Input material
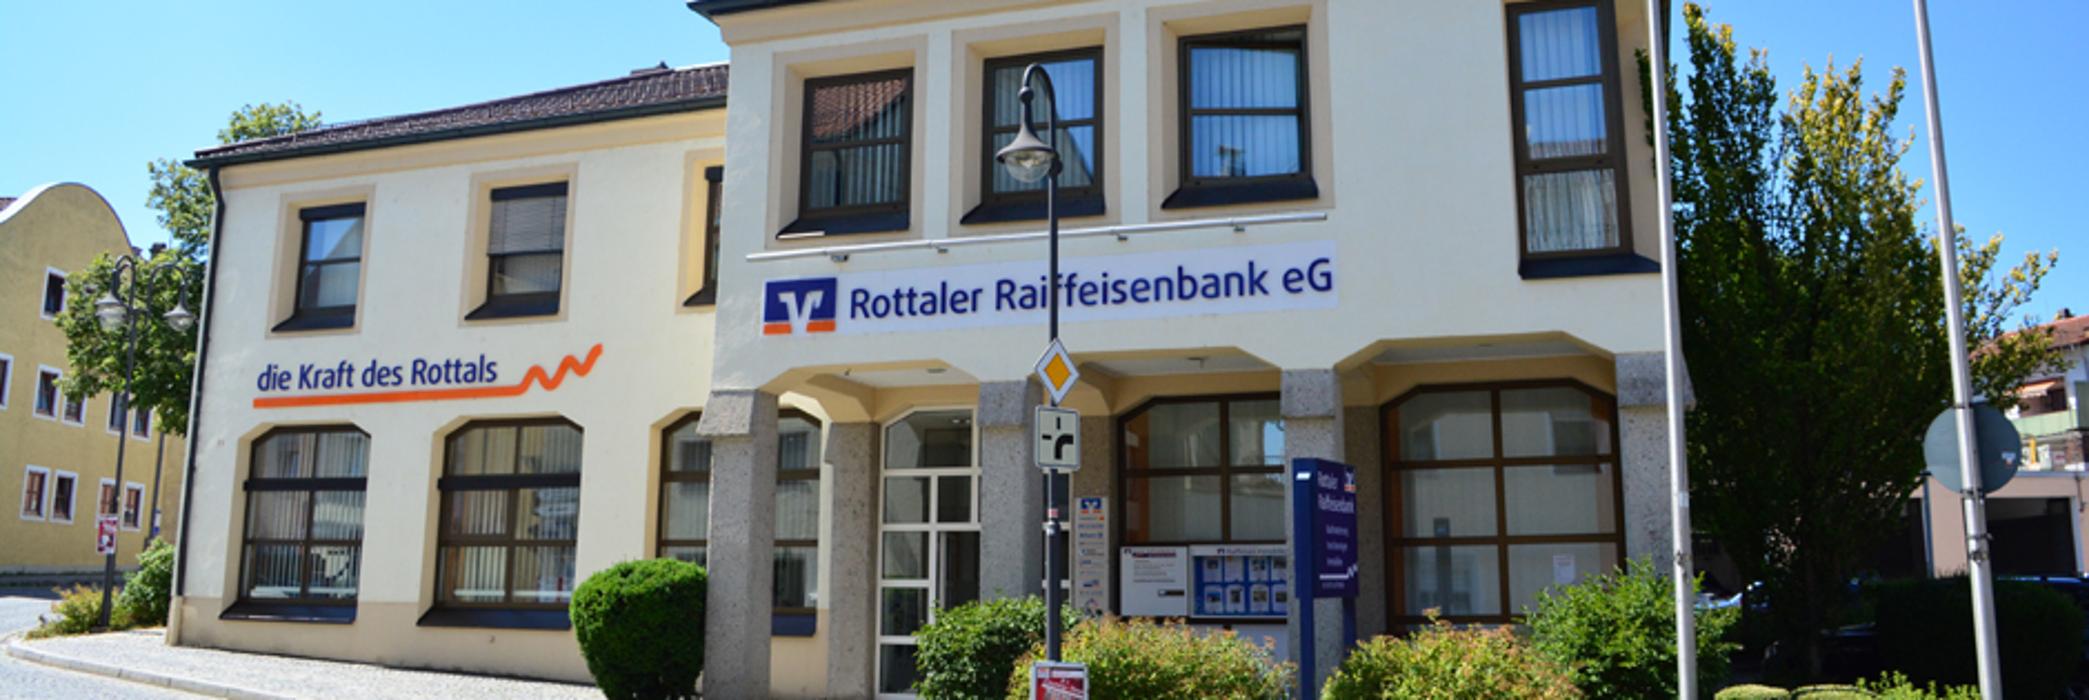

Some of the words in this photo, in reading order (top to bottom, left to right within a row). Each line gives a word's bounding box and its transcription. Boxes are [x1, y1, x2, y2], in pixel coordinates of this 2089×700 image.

[849, 281, 984, 320] Rottaler
[1281, 257, 1333, 294] eG
[257, 363, 292, 391] die
[298, 360, 354, 389] Kraft
[361, 359, 403, 387] des
[410, 354, 497, 385] Rottals
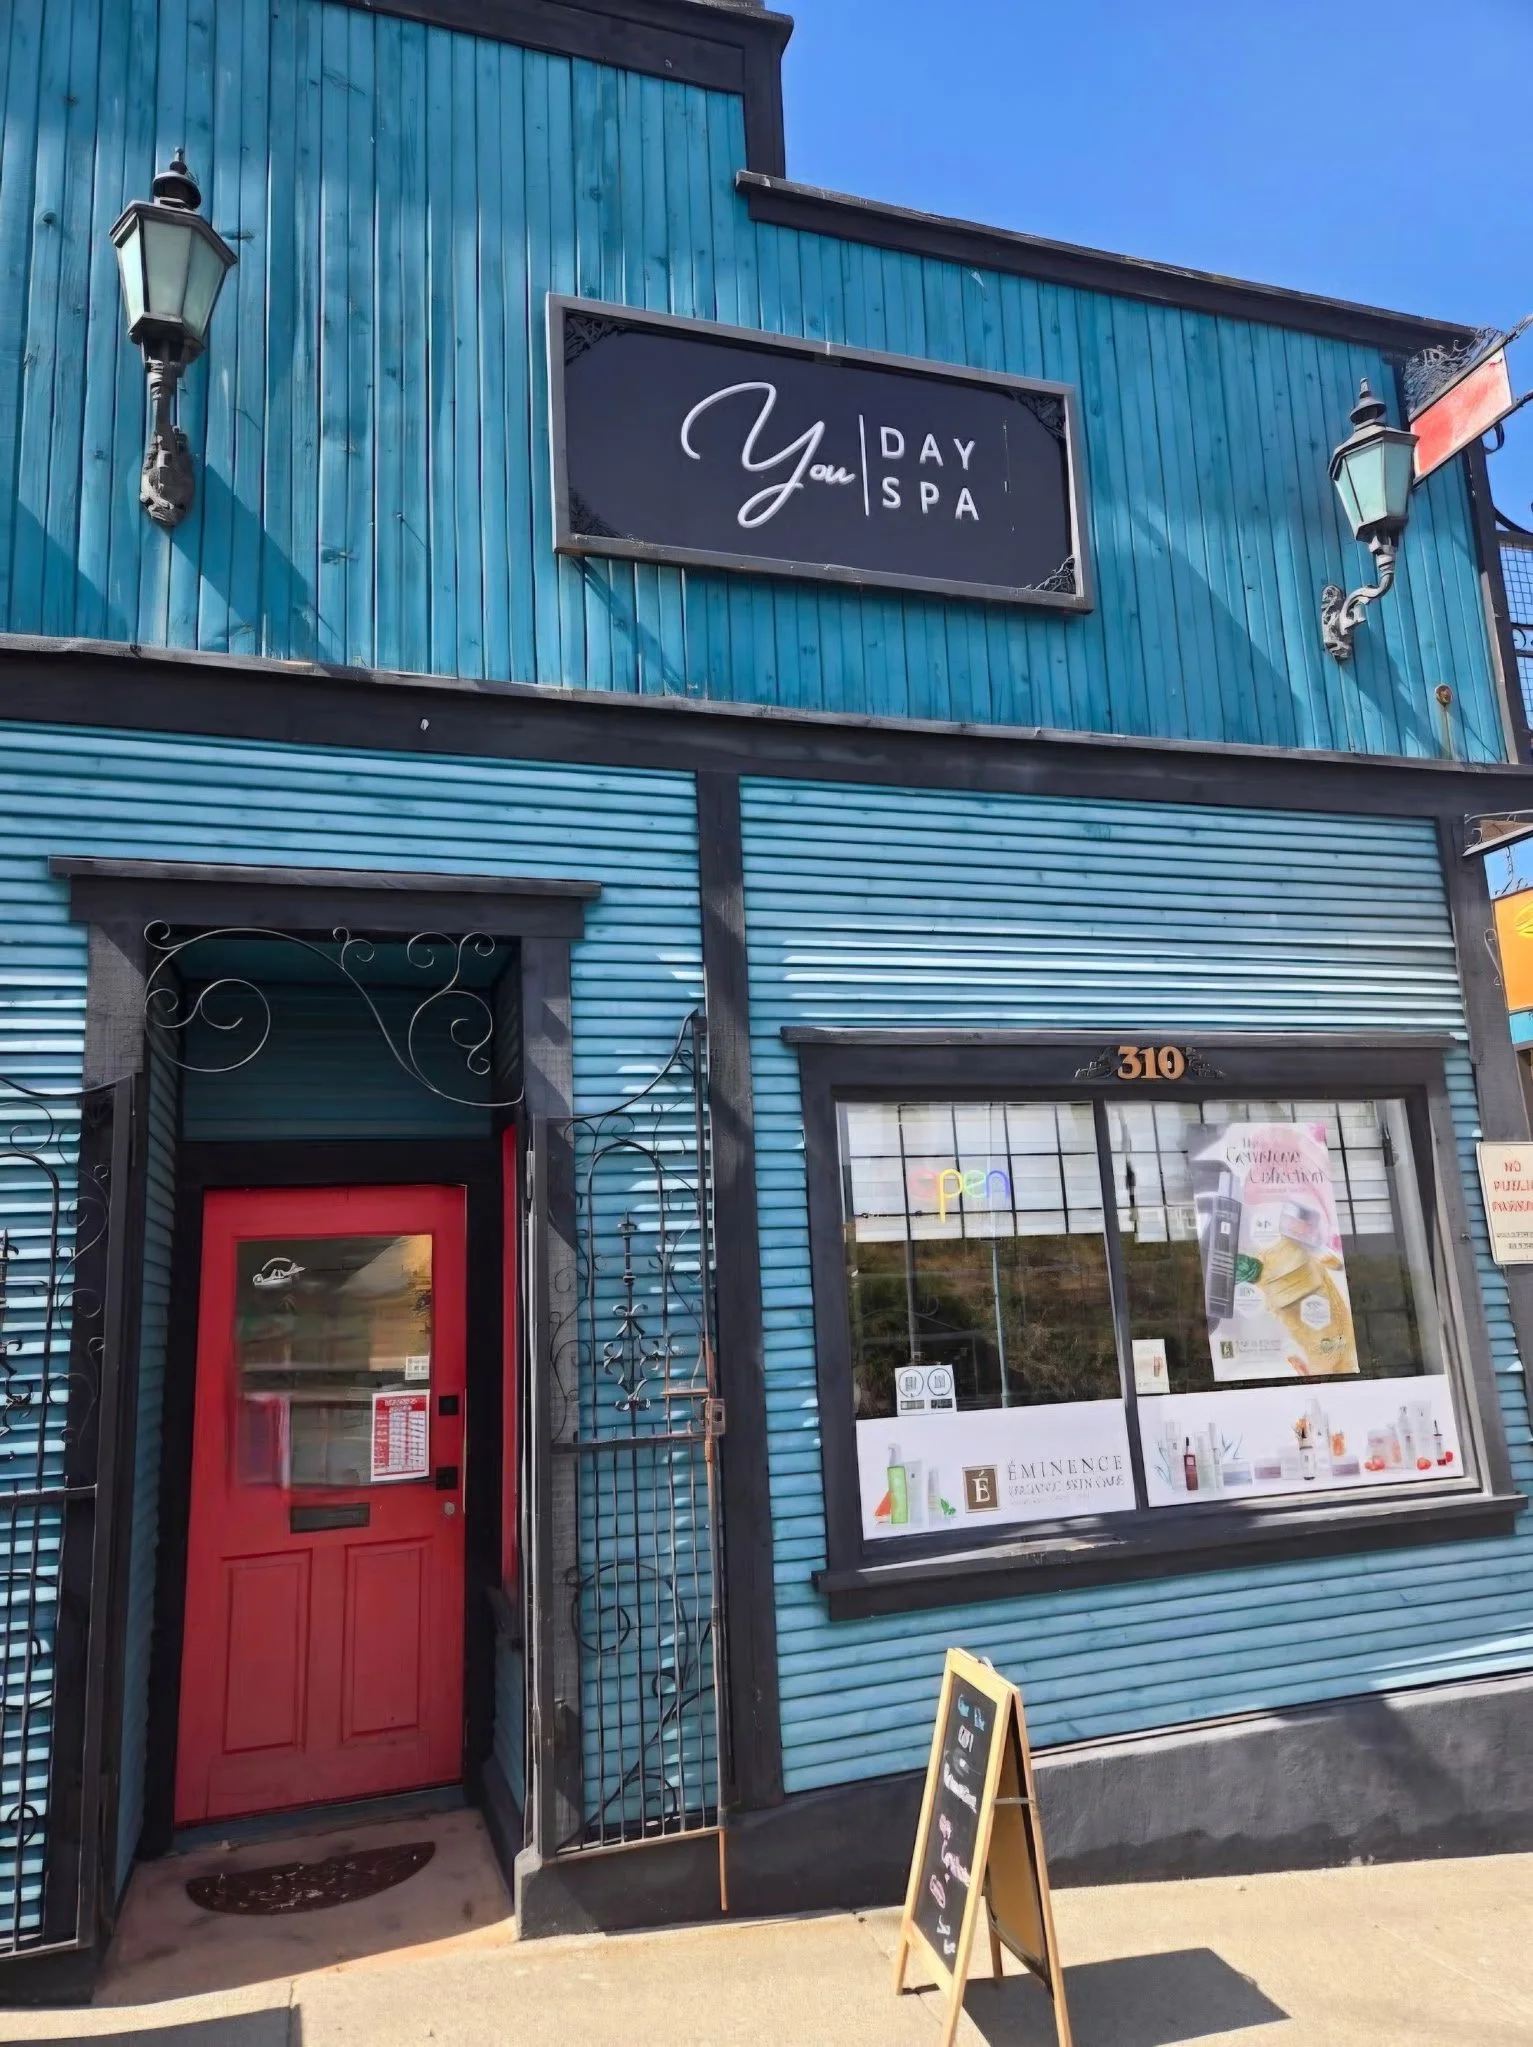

Exercise prompt
The result should be every entry, word for word, and no pictures.

Task response
Some of the words in this photo, in reading order (top to bottom, left to right within a row). Each line gives a word's bounding box and its transcription. Boxes are [x1, y1, x2, y2], in pixel coordinates of this 2089×700 image.

[849, 281, 984, 320] Rottaler
[1281, 257, 1333, 294] eG
[257, 363, 292, 391] die
[298, 360, 354, 389] Kraft
[361, 359, 403, 387] des
[410, 354, 497, 385] Rottals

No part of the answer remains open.